Task item: Working from the line that contains "this 2357×1568 image." down to the last line below, repeat each line exactly.

▼▼▼

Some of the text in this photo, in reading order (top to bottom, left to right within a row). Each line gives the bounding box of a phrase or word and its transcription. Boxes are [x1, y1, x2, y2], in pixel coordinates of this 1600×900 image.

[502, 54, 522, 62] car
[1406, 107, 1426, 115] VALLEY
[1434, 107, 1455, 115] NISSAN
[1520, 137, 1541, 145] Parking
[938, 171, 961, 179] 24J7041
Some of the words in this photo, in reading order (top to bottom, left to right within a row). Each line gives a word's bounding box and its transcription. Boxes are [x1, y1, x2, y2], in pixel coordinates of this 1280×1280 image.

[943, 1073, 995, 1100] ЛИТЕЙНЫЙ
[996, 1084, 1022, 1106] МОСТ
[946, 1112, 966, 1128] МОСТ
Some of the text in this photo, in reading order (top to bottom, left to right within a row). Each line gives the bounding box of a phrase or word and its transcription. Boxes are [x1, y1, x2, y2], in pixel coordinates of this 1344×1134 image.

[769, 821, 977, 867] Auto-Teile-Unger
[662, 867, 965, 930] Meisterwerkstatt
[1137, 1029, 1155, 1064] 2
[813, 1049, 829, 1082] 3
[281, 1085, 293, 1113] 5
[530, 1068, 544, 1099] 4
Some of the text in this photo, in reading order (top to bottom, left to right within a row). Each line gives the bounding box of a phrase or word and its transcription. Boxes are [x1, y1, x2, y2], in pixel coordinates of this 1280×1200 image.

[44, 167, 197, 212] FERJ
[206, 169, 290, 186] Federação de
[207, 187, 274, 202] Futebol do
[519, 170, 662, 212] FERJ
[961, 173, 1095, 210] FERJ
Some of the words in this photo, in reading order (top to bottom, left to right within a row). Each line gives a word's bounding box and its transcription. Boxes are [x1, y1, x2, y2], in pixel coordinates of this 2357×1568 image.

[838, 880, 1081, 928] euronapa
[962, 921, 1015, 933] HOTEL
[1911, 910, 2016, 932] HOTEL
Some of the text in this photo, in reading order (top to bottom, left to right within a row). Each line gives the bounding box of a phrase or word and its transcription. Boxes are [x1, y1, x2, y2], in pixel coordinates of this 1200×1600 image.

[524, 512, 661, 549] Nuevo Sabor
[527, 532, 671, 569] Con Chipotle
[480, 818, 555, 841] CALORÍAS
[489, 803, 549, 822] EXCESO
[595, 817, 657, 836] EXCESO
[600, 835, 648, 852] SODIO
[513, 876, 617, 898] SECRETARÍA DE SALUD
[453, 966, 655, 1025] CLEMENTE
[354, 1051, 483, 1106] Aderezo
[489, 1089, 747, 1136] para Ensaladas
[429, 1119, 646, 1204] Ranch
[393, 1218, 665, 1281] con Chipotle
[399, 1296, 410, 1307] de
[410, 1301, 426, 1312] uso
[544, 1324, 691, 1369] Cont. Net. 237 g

▲▲▲

Problem solution:
Some of the words in this photo, in reading order (top to bottom, left to right within a row). Each line gives a word's bounding box and its transcription. Boxes are [x1, y1, x2, y2], in pixel coordinates of this 2357×1568 image.

[838, 880, 1081, 928] euronapa
[962, 921, 1015, 933] HOTEL
[1911, 910, 2016, 932] HOTEL
Some of the text in this photo, in reading order (top to bottom, left to right within a row). Each line gives the bounding box of a phrase or word and its transcription. Boxes are [x1, y1, x2, y2], in pixel coordinates of this 1200×1600 image.

[524, 512, 661, 549] Nuevo Sabor
[527, 532, 671, 569] Con Chipotle
[480, 818, 555, 841] CALORÍAS
[489, 803, 549, 822] EXCESO
[595, 817, 657, 836] EXCESO
[600, 835, 648, 852] SODIO
[513, 876, 617, 898] SECRETARÍA DE SALUD
[453, 966, 655, 1025] CLEMENTE
[354, 1051, 483, 1106] Aderezo
[489, 1089, 747, 1136] para Ensaladas
[429, 1119, 646, 1204] Ranch
[393, 1218, 665, 1281] con Chipotle
[399, 1296, 410, 1307] de
[410, 1301, 426, 1312] uso
[544, 1324, 691, 1369] Cont. Net. 237 g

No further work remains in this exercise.